# INSTRUCTIONS TO FOLLOW
Will you output the entries below exactly, skipping every image they contain?

# PROVIDED MATERIAL

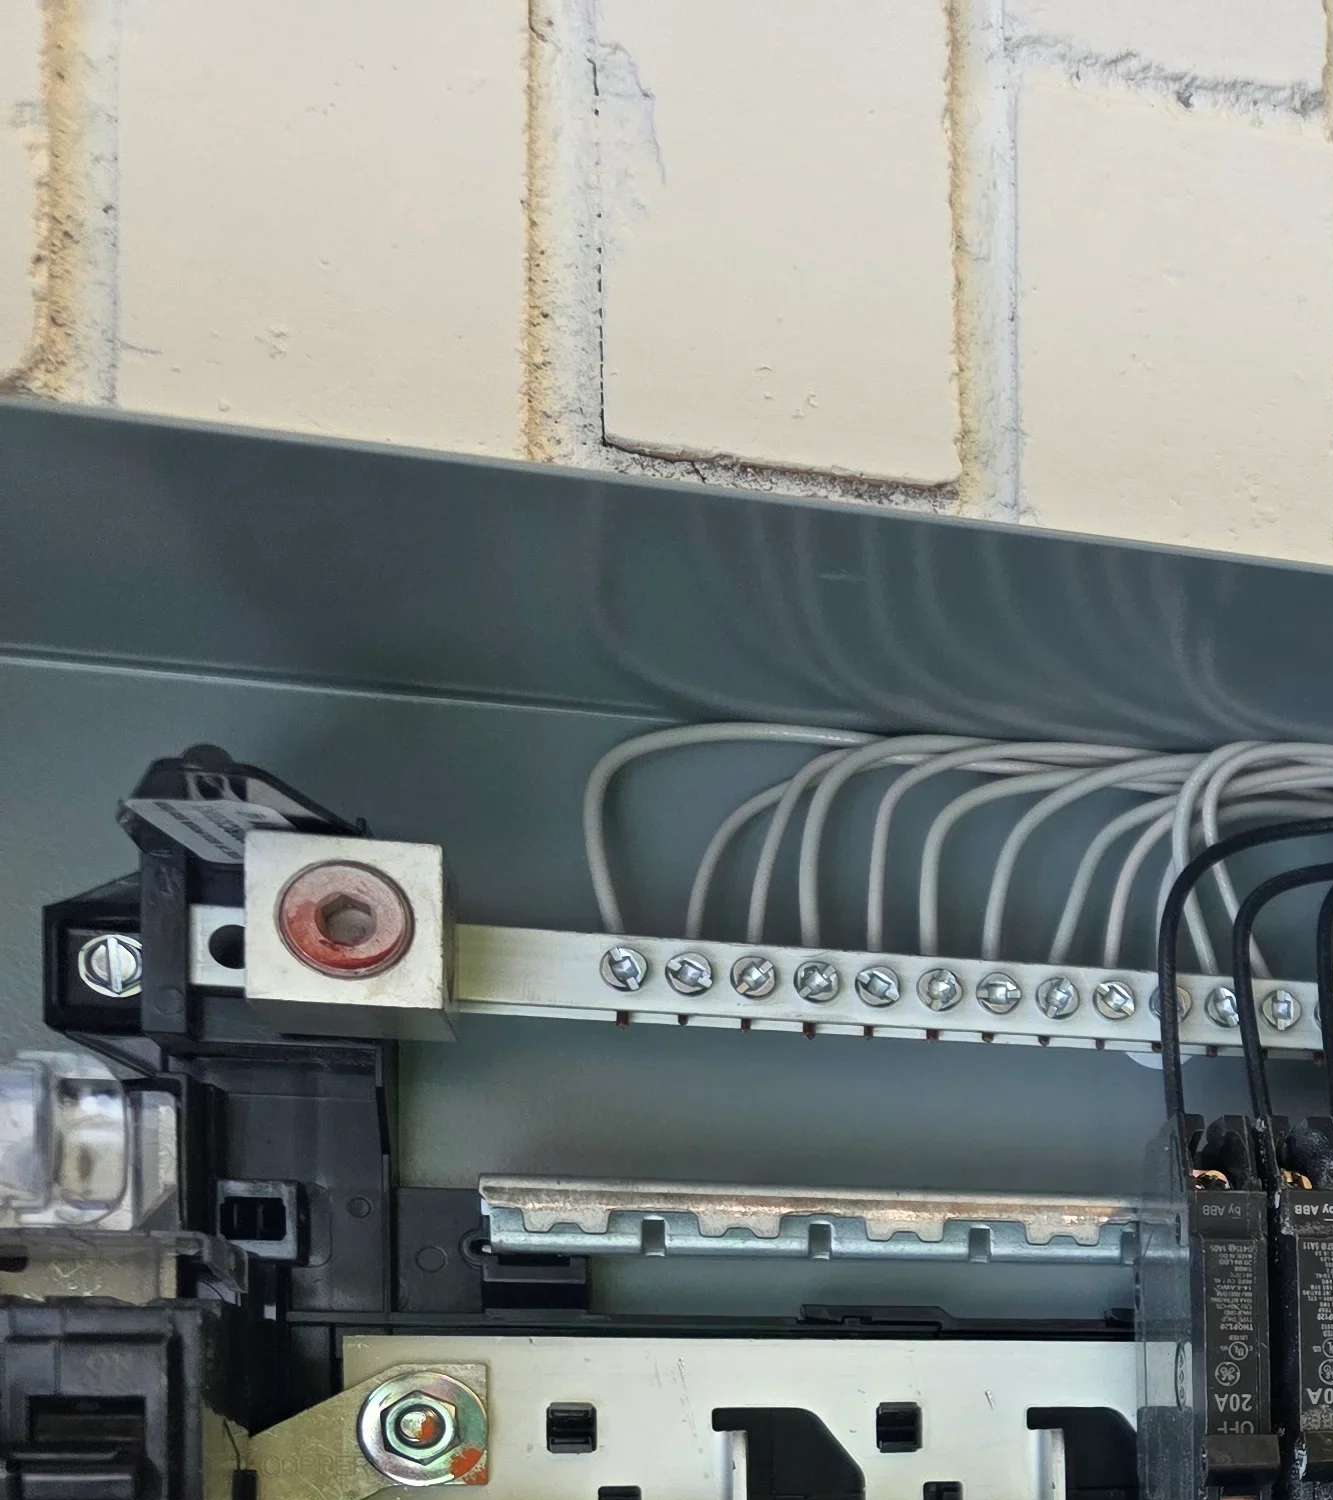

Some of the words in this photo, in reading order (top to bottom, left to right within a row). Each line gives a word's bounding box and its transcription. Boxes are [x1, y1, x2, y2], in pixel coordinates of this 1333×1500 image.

[1203, 1205, 1225, 1215] ABB
[1227, 1204, 1241, 1216] by
[1294, 1205, 1318, 1214] ABB
[1214, 1394, 1252, 1412] 20A

# OUTPUT BELOW
Some of the words in this photo, in reading order (top to bottom, left to right within a row). Each line gives a word's bounding box and its transcription. Boxes are [x1, y1, x2, y2], in pixel coordinates of this 1333×1500 image.

[1203, 1205, 1225, 1215] ABB
[1227, 1204, 1241, 1216] by
[1294, 1205, 1318, 1214] ABB
[1214, 1394, 1252, 1412] 20A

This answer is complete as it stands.